Fast forward to 9p: CF changes on a dime. Suddenly, that pesky band of pain that I’ve absently noticed and ignored for the day is front and center. I can barely take a breath, much less a full breath, post-treatment. By 11p, I’ve laid in bed silently crying as the pain spikes up to an 8 and then back to a 6. It dawns on me that the band of pain is pleuritic pain. After texting multiple Cysters and weighing the pain with the inability to breathe, my recent 20% drop in lung functions and the fever I ran earlier, I finally make the decision to wake up A (who is for once sleeping peacefully, without interruptions, in the absence of her four kiddos) and have her drive me to the ER.
We arrive at the ER with this naïve idea that my CF clinic, albeit on-call at this late hour, will communicate with the CF clinic in Dallas. I’d already given A all of the information, phone numbers, and instructions for getting everyone, including my husband Adam, on the same page. Over the course of the evening and early morning hours, hundreds of texts and calls between A, Adam, and the on-call care team at home transpire in an effort to expedite the process. Since it’s not my first rodeo with pleuritic pain, I’ve already determined before we even got settled in the ER that I desperately need instant-relief pain meds and a chest X-ray. Am I the only one who self-diagnoses? When you’re in and out of the doctor for the litany of health problems in addition to CF, you become the expert on your own body. I digress.
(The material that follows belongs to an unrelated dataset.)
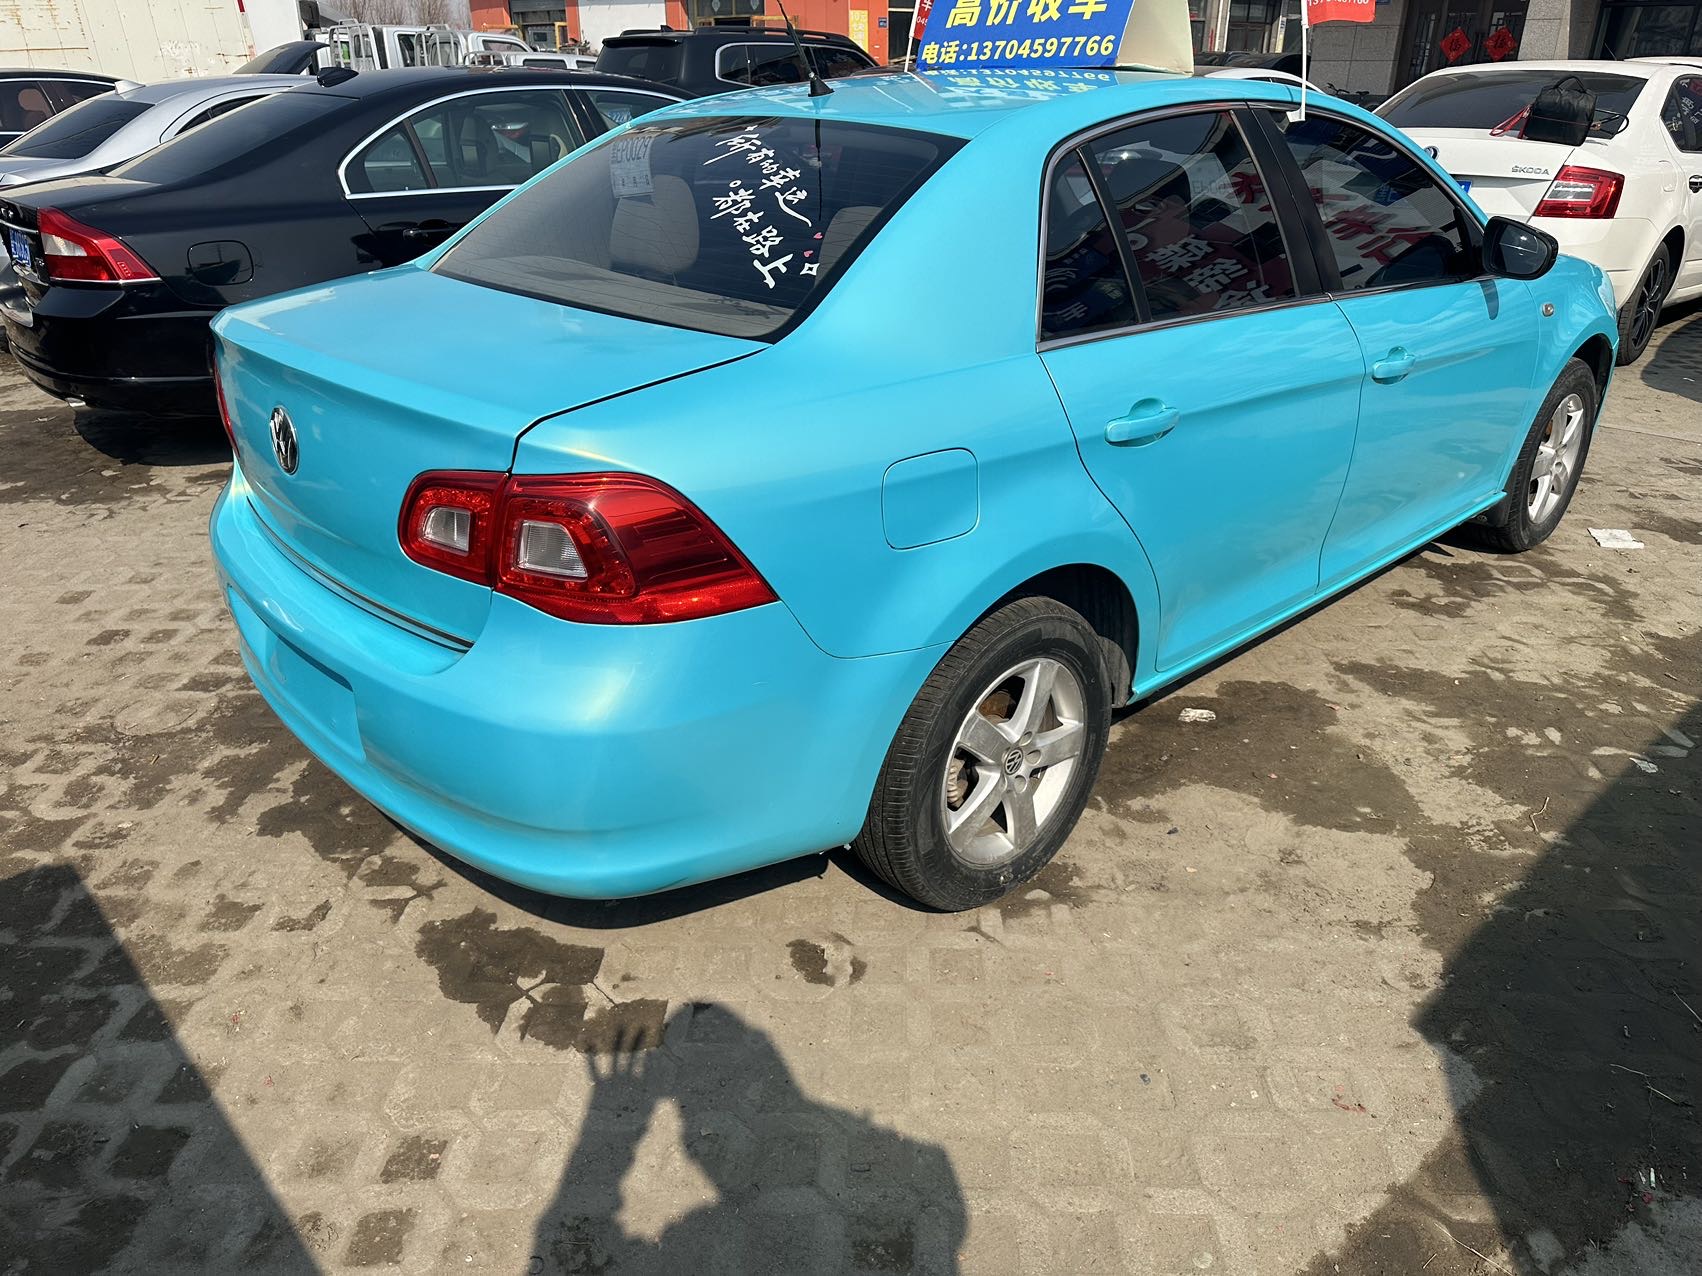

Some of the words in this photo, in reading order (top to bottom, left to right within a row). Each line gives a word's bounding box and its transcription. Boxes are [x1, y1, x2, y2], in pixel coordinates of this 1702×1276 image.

Over the course of the 12 hours in the ER, my port is accessed a total of four times, with one of them being a needle repositioning, before we get anywhere. To administer IV medication and run blood tests, two different nurses start dueling peripheral lines, one in my left hand and the other in my right elbow. Meanwhile, other nurses attempt to get my port working, which won’t flush or draw back blood. My vein blows on one of the lines, and the other is dangerously close. I have a chest X-ray taken, a CT scan with contrast of my lungs, every blood test imaginable, an EKG, several rounds of morphine, two doses of vancomycin and two albuterol treatments. I’m told I have a potential pulmonary embolism, a virus causing pleurisy, a mucus plug, or sepsis. Twelve hours in, and about 10 minutes after Adam arrives at the Dallas ER, my repeated requests to be moved to my home clinic, care team, and hospital are heard and I’m care-flighted from Dallas back home (Adam has to drive back home). Once admitted to my home hospital, they have me repeat nearly every test the Dallas ER did less than 24 hours prior as none of my medical records transferred with me from the ER. Five days later the medical records from the ER finally make their way to my home hospital and care team. In the end, it was determined that I had a virus, which accounted for the difficulty in breathing, pleuritic pain, and fever. It was a very long, traumatic, stressful, and a trying 12 hours away from home. And, I missed my conference entirely, but that’s another story.
I’ve since had some time to reflect on this jaunt to the ER. The biggest takeaway for me – CF clinics do communicate but getting the ER to communicate with the CF care team is nearly impossible. Having a port is a blessing, but it requires orders from your doctor, not just any doctor, to access and use heparin or cath flow in the event that it’s not working properly (or, in my case, repeatedly accessed incorrectly). I learned that complaining of chest pain at a new hospital where none of my medical records are accessible means a round of tests to rule out heart problems, despite knowing that it’s my lungs. I learned that transferring medical records from one hospital to another is a royal pain in the you-know-what.
Hindsight is always 20/20, but I know I could have avoided the entire debacle if only I had heeded my inner voice the morning I left for Dallas when I first felt the band of pain around my lungs. For me, it’s often hard to gauge when it’s important to say no and upend plans, especially when it impacts friends and family around me. If a trip to Walgreens completes a vacation in my house, am I an overachiever for my trip to the ER?